We’re dissecting an async MCP client that was built for one thing: refusing to hang, even when the server or transport misbehaves. The client lives in the fastmcp project, which provides a high-level interface over MCP transports like HTTP and stdio. At the center of that interface is client.Client, a facade that exposes simple methods such as async with client:, await client.ping(), and await client.complete() while hiding the messy reality of background tasks, timeouts, and cancellation.
I’m Mahmoud Zalt, an AI solutions architect. We’ll walk through how this client structures its session lifecycle, supports re-entrant context managers, and uses a watchdog pattern so RPCs fail fast instead of hanging forever. Along the way, we’ll extract practical patterns you can use to make your own async clients resilient under real-world failure.
The session lifecycle story
Within fastmcp, the Client class acts as the conductor for a single MCP session. It doesn’t do network I/O itself; it orchestrates transports, background tasks, and protocol calls so the public API stays small and predictable.
fastmcp/
client/
transports.py # Transport abstractions: HTTP, stdio, in-process
logging.py # Log handlers
sampling.py # Sampling handlers
roots.py # Roots/FS handlers
tasks.py # Task objects & notifications
progress.py # Progress handlers
mixins.py # Resources, prompts, tools, tasks APIs
client.py # <-- This file: session lifecycle, Client facade
client.Client
|-- uses --> ClientTransport (HTTP, stdio, in-process)
|-- owns --> ClientSessionState (session, lock, events, counters)
|-- composes --> Mixins for domain features
|-- delegates --> mcp.ClientSession for protocol methods
The core responsibility of Client is to manage one underlying ClientSession from the MCP SDK in a safe, reusable way. All the fragile details — cancellation, reconnection, coordination between background tasks — are pushed into a dedicated state object that is separate from configuration:
@dataclass
class ClientSessionState:
"""Holds all session-related state for a Client instance."""
session: ClientSession | None = None
nesting_counter: int = 0
lock: anyio.Lock = field(default_factory=anyio.Lock)
session_task: asyncio.Task | None = None
ready_event: anyio.Event = field(default_factory=anyio.Event)
stop_event: anyio.Event = field(default_factory=anyio.Event)
initialize_result: mcp.types.InitializeResult | None = None
This state object is the control panel for the connection:
session: the active MCP session, if any.nesting_counter: how manyasync with client:blocks are currently open.lock: a mutex that serializes all session lifecycle changes.session_task: the background task running the session loop.ready_event/stop_event: signals for “session is ready” and “please stop now”.initialize_result: cached MCP initialize result soinitialize()is idempotent.
With this structure, the story becomes straightforward: configure once, start a session in the background when it’s first needed, reuse that session across many contexts and calls, and shut it down safely when the last user is done.

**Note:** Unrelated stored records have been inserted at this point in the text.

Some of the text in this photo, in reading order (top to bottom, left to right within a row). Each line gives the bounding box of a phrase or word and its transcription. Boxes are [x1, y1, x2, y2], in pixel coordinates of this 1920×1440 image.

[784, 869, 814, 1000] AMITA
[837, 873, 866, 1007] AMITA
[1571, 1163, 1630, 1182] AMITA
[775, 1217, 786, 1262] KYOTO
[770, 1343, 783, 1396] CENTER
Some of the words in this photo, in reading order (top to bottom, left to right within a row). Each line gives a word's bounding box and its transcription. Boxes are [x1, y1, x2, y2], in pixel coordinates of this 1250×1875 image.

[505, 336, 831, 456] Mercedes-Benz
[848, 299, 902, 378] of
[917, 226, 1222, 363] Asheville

Re-entrant contexts with a single session
One of the trickiest requirements is supporting re-entrant async context managers while still sharing a single underlying session. Code should be able to do this without spawning extra connections:
client = Client("http://localhost:8080")
async with client: # context A
# ... do some work ...
async with client: # nested context B
# ... do more work on the same session ...
...
Opening and closing the network connection on every __aenter__/__aexit__ would thrash connections and invite race conditions. Instead, the client treats contexts as references to a shared background worker. The key entry point is _connect(), which runs when entering the context:
async def _connect(self):
"""Establish or reuse a session connection."""
async with self._session_state.lock:
need_to_start = (
self._session_state.session_task is None
or self._session_state.session_task.done()
)
if need_to_start:
if self._session_state.nesting_counter != 0:
raise RuntimeError(
"Internal error: nesting counter should be 0 when "

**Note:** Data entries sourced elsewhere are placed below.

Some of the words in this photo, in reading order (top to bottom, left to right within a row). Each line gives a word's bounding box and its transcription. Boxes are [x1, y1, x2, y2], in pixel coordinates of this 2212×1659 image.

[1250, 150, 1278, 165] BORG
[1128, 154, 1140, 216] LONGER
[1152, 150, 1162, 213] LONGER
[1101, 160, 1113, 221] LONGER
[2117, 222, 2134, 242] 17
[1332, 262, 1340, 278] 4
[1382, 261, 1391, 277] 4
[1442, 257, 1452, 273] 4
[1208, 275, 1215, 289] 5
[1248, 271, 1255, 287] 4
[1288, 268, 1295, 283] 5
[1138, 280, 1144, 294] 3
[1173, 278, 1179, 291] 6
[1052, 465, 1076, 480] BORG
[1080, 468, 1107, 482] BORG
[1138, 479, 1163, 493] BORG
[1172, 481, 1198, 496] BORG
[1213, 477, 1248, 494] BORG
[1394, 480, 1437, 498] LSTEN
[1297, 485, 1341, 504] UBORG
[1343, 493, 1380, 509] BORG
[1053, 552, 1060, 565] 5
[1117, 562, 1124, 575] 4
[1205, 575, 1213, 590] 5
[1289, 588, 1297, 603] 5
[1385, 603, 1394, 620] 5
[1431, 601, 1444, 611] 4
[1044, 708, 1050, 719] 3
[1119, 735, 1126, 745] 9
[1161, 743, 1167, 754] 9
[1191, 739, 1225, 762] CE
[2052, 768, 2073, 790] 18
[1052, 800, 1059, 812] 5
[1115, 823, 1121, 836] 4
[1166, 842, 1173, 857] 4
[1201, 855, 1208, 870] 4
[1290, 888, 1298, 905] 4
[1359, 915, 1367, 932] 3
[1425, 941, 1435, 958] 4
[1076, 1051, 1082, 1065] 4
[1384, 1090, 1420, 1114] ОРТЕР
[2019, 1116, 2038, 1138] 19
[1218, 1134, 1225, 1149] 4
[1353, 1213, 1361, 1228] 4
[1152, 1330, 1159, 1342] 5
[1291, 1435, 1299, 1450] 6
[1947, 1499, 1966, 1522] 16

"starting new session, got "
f"{self._session_state.nesting_counter}"
)
self._session_state.stop_event = anyio.Event()
self._session_state.ready_event = anyio.Event()

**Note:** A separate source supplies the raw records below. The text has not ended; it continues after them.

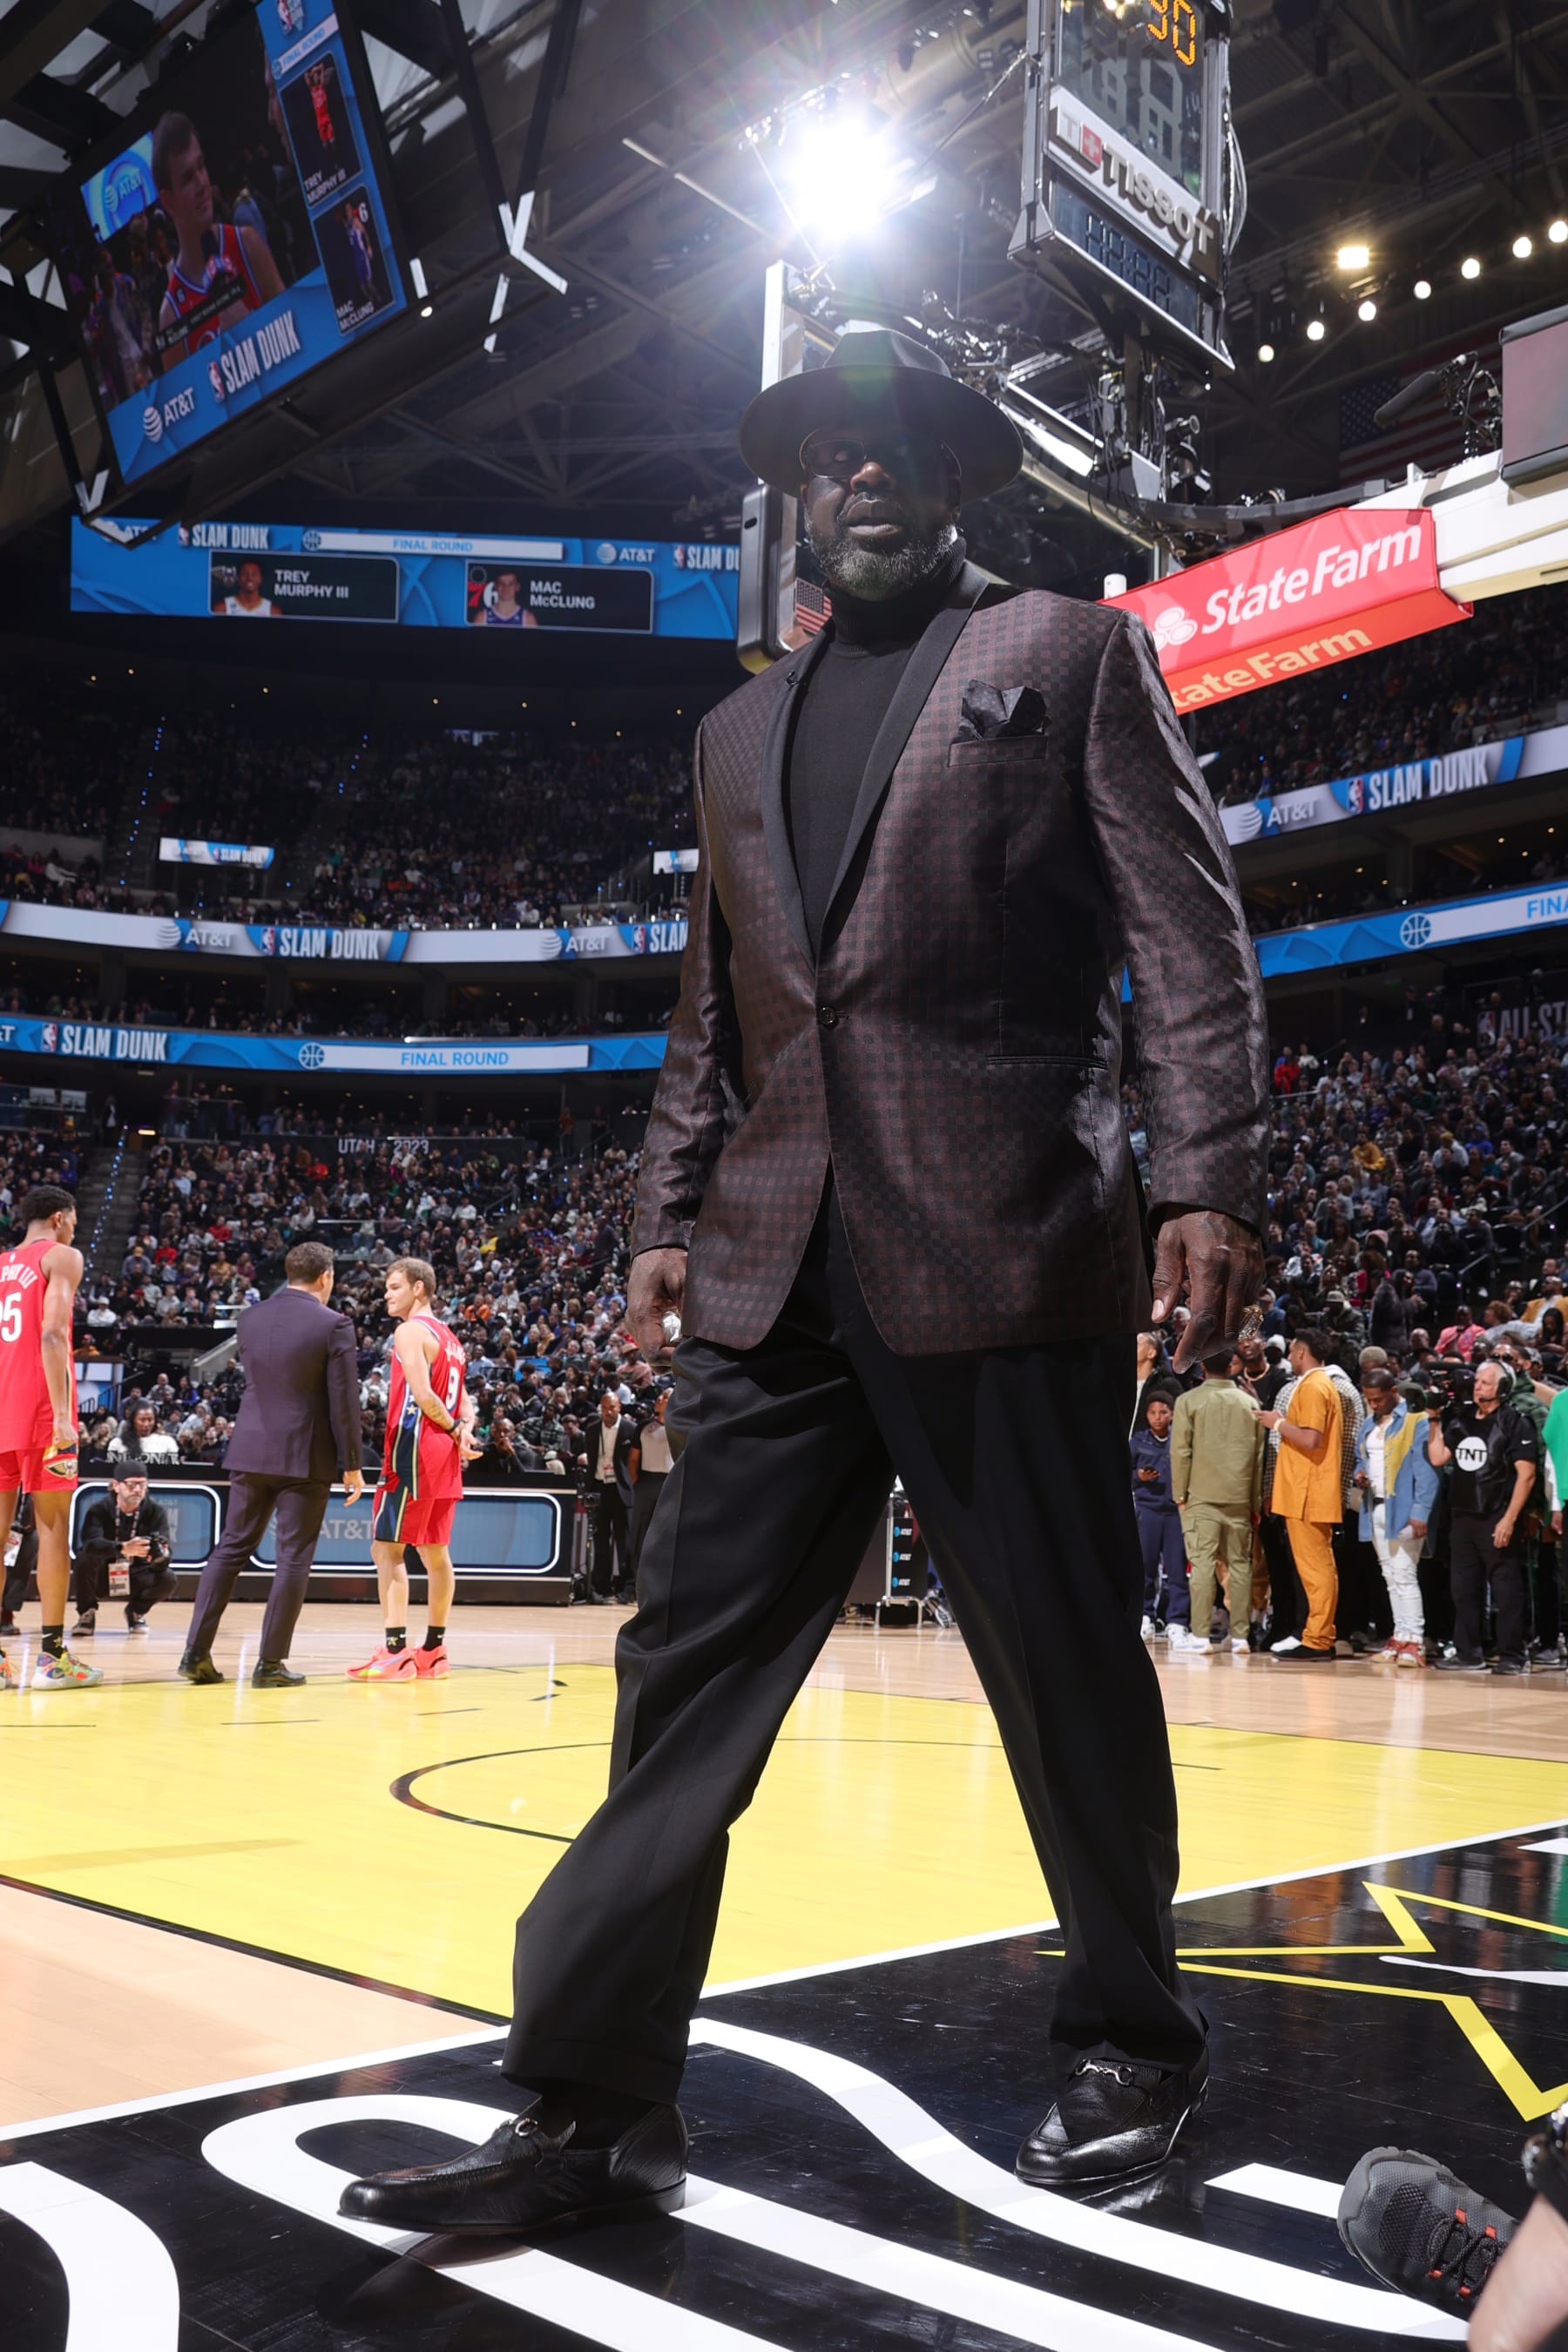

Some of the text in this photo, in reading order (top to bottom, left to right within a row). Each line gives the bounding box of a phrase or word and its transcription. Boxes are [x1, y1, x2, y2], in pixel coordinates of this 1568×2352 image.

[304, 170, 323, 190] TREY
[307, 175, 337, 204] MURPHY
[1103, 143, 1214, 254] TISSOT
[336, 300, 354, 319] MAC
[220, 337, 260, 394] SLAM
[256, 309, 301, 371] DUNK
[163, 387, 195, 427] AT&T
[192, 524, 269, 550] SLAM DUNK
[393, 538, 473, 552] FINAL ROUND
[619, 548, 655, 563] AT&T
[686, 545, 722, 571] SLAM
[274, 568, 310, 583] TREY
[274, 584, 349, 598] MURPHY III
[530, 579, 562, 594] MAC
[530, 594, 595, 609] McCLUNG
[1369, 747, 1489, 811] SLAM DUNK
[1266, 799, 1319, 828] AT&T
[185, 928, 233, 947] AT&T
[279, 928, 380, 960] SLAM DUNK
[566, 935, 610, 952] AT&T
[61, 1024, 167, 1061] SLAM DUNK
[401, 1051, 509, 1066] FINAL ROUND
[338, 1138, 429, 1155] UTAH 2023
[0, 1291, 22, 1342] 5
[446, 1365, 460, 1411] 9
[1456, 1448, 1488, 1463] TNT

self._session_state.session_task = asyncio.create_task(
self._session_runner()
)
try:
await self._session_state.ready_event.wait()
except asyncio.CancelledError:
# ... cancellation cleanup and reset ...
raise
self._session_state.nesting_counter += 1
return self
Several design choices here directly protect against hangs and race conditions:
- All lifecycle decisions are under one lock. Starting or reusing a session is always done inside
self._session_state.lock, so two tasks can’t both decide they need to start a new session. - Reference counting via
nesting_counter. The first caller that seesneed_to_startas true creates the background session task and waits forready_event. Later callers inside the lock simply increment the counter and reuse the running session. - Events are tied to a specific session.
ready_eventandstop_eventare created exactly when a new session starts, inside the lock. That avoids the classic bug where one task waits forever on an old event that another task silently replaced. - Startup is cancellation-safe. If the caller cancels while waiting for
ready_event, they still hold the lock, which guarantees that cleanup ofsession_taskand transport state is consistent.
On the way out of a context, _disconnect() runs under the same lock:
async def _disconnect(self, force: bool = False):
"""Disconnect from session using reference counting."""
async with self._session_state.lock:
if force:
self._session_state.nesting_counter = 0
else:
self._session_state.nesting_counter = max(
0, self._session_state.nesting_counter - 1
)
if self._session_state.nesting_counter > 0:
return
if self._session_state.session_task is None:
return
self._session_state.stop_event.set()
await self._session_state.session_task
self._session_state.session_task = None
As long as the counter is positive, the session stays alive. When the last context exits and the counter drops to zero, the client sets stop_event and waits for the background task to shut down the session in one centralized place.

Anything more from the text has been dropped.